> **Task prompt**: The full listing, copied exactly and free of pictures, is the expected reply.

> **Extracted entries**:

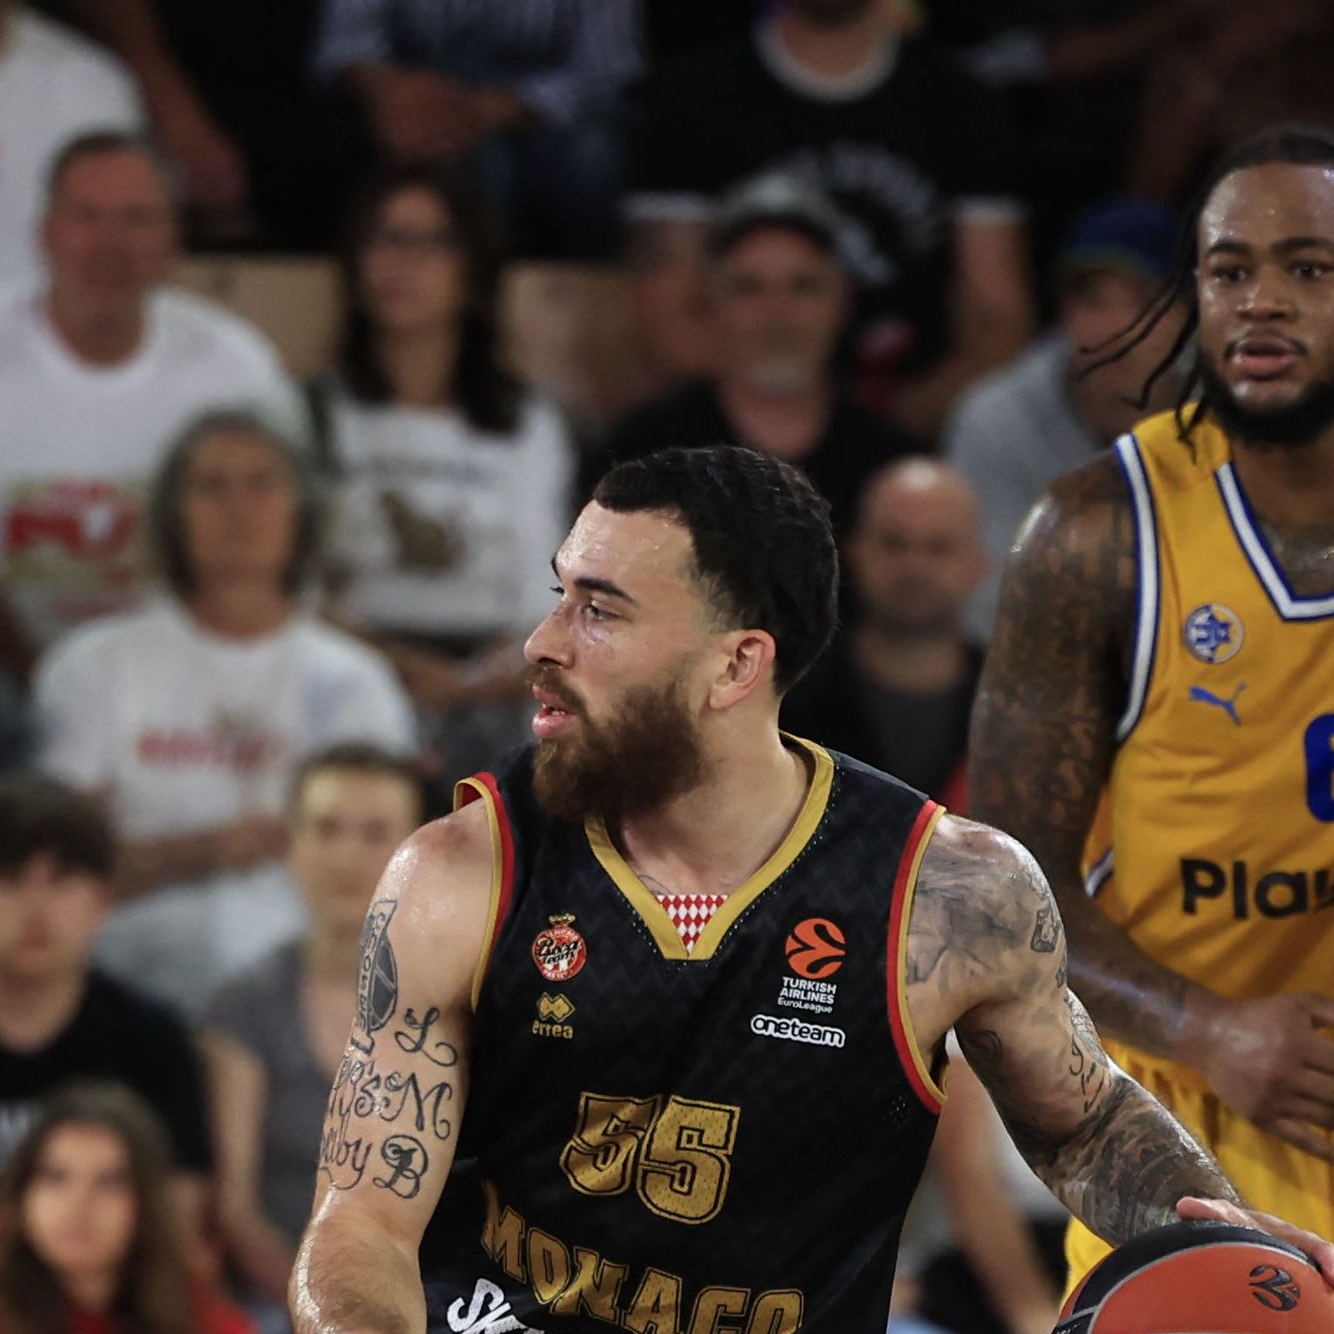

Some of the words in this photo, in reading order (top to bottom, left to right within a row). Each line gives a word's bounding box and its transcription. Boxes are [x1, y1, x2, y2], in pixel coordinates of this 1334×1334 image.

[782, 976, 837, 995] TURKISH
[777, 997, 833, 1014] EuroLeague
[779, 987, 835, 1005] AIRLINES
[752, 1016, 845, 1047] oneteam
[560, 1092, 741, 1225] 55
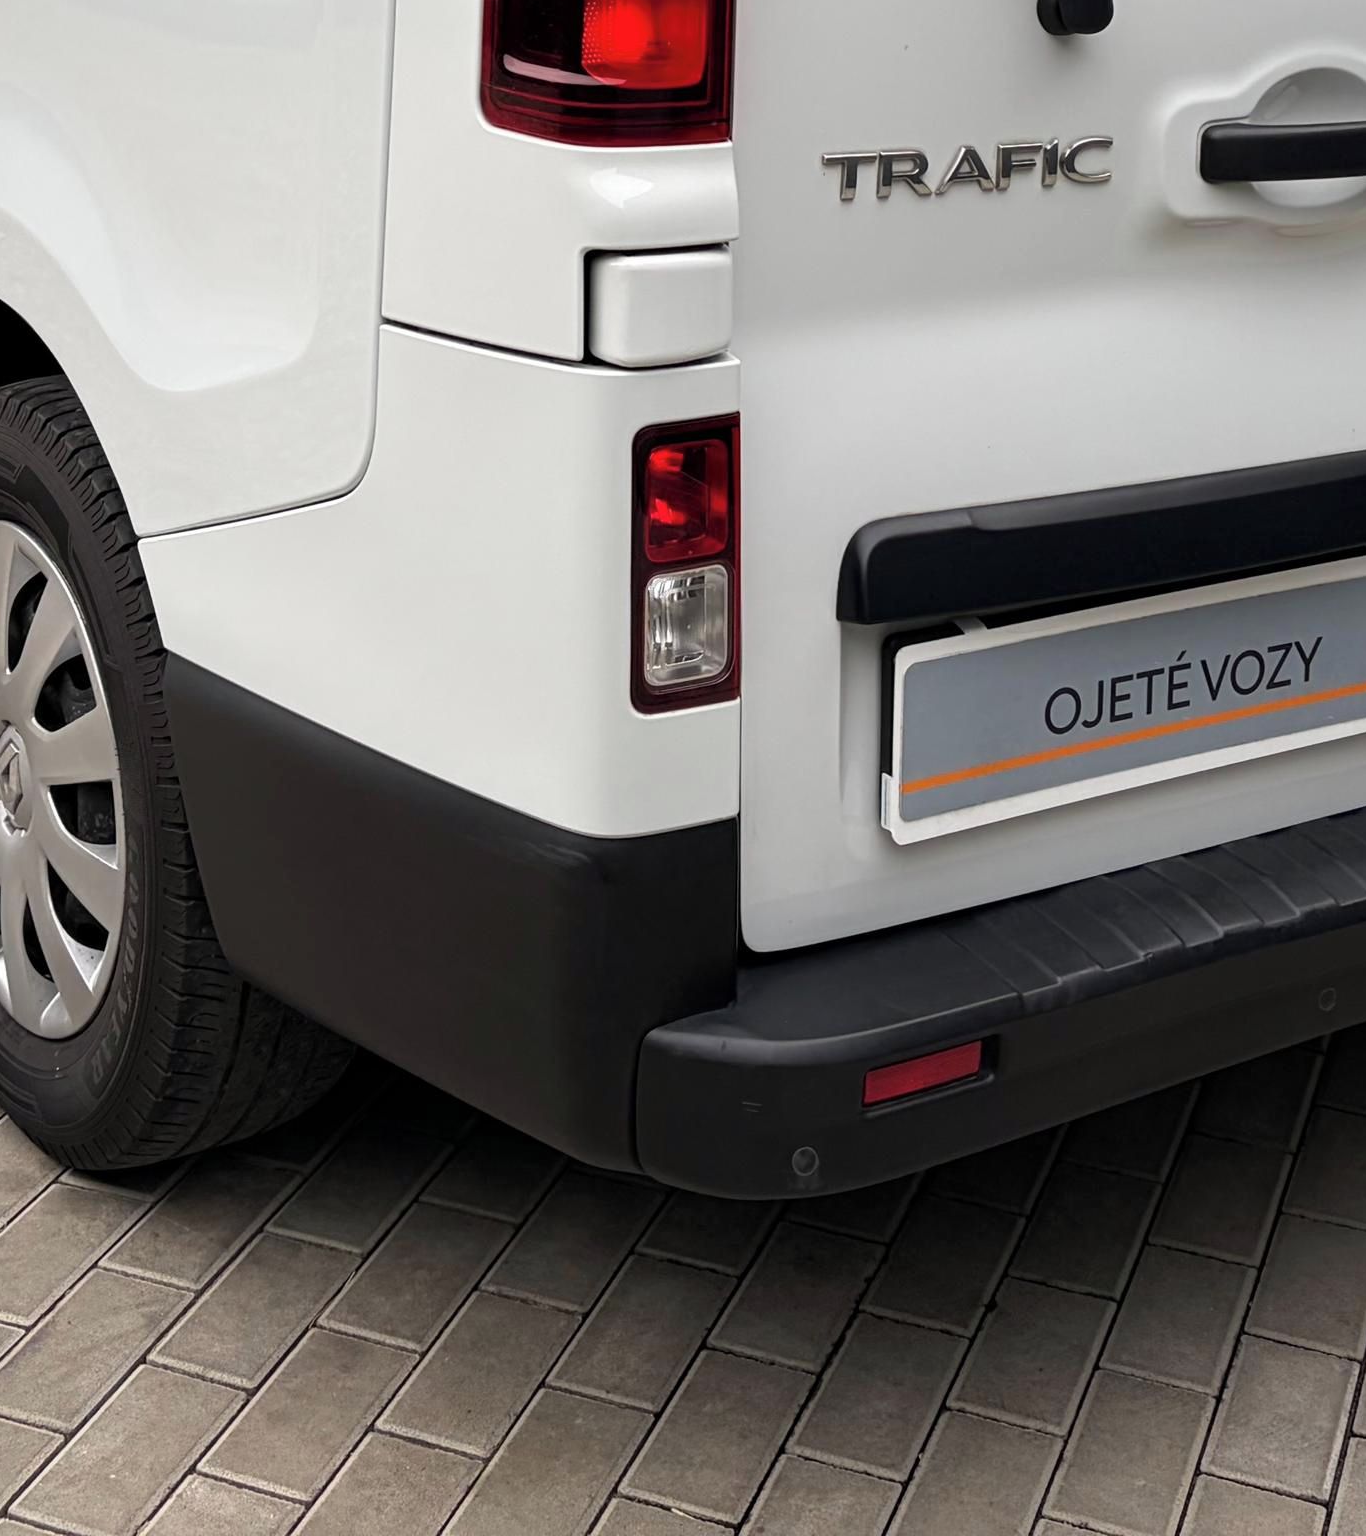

> **Response to this exercise**:
Some of the words in this photo, in reading order (top to bottom, left to right within a row). Each line gives a word's bounding box and its transcription. Boxes are [x1, y1, x2, y2], in pixel coordinates of this 1334×1334 image.

[782, 976, 837, 995] TURKISH
[777, 997, 833, 1014] EuroLeague
[779, 987, 835, 1005] AIRLINES
[752, 1016, 845, 1047] oneteam
[560, 1092, 741, 1225] 55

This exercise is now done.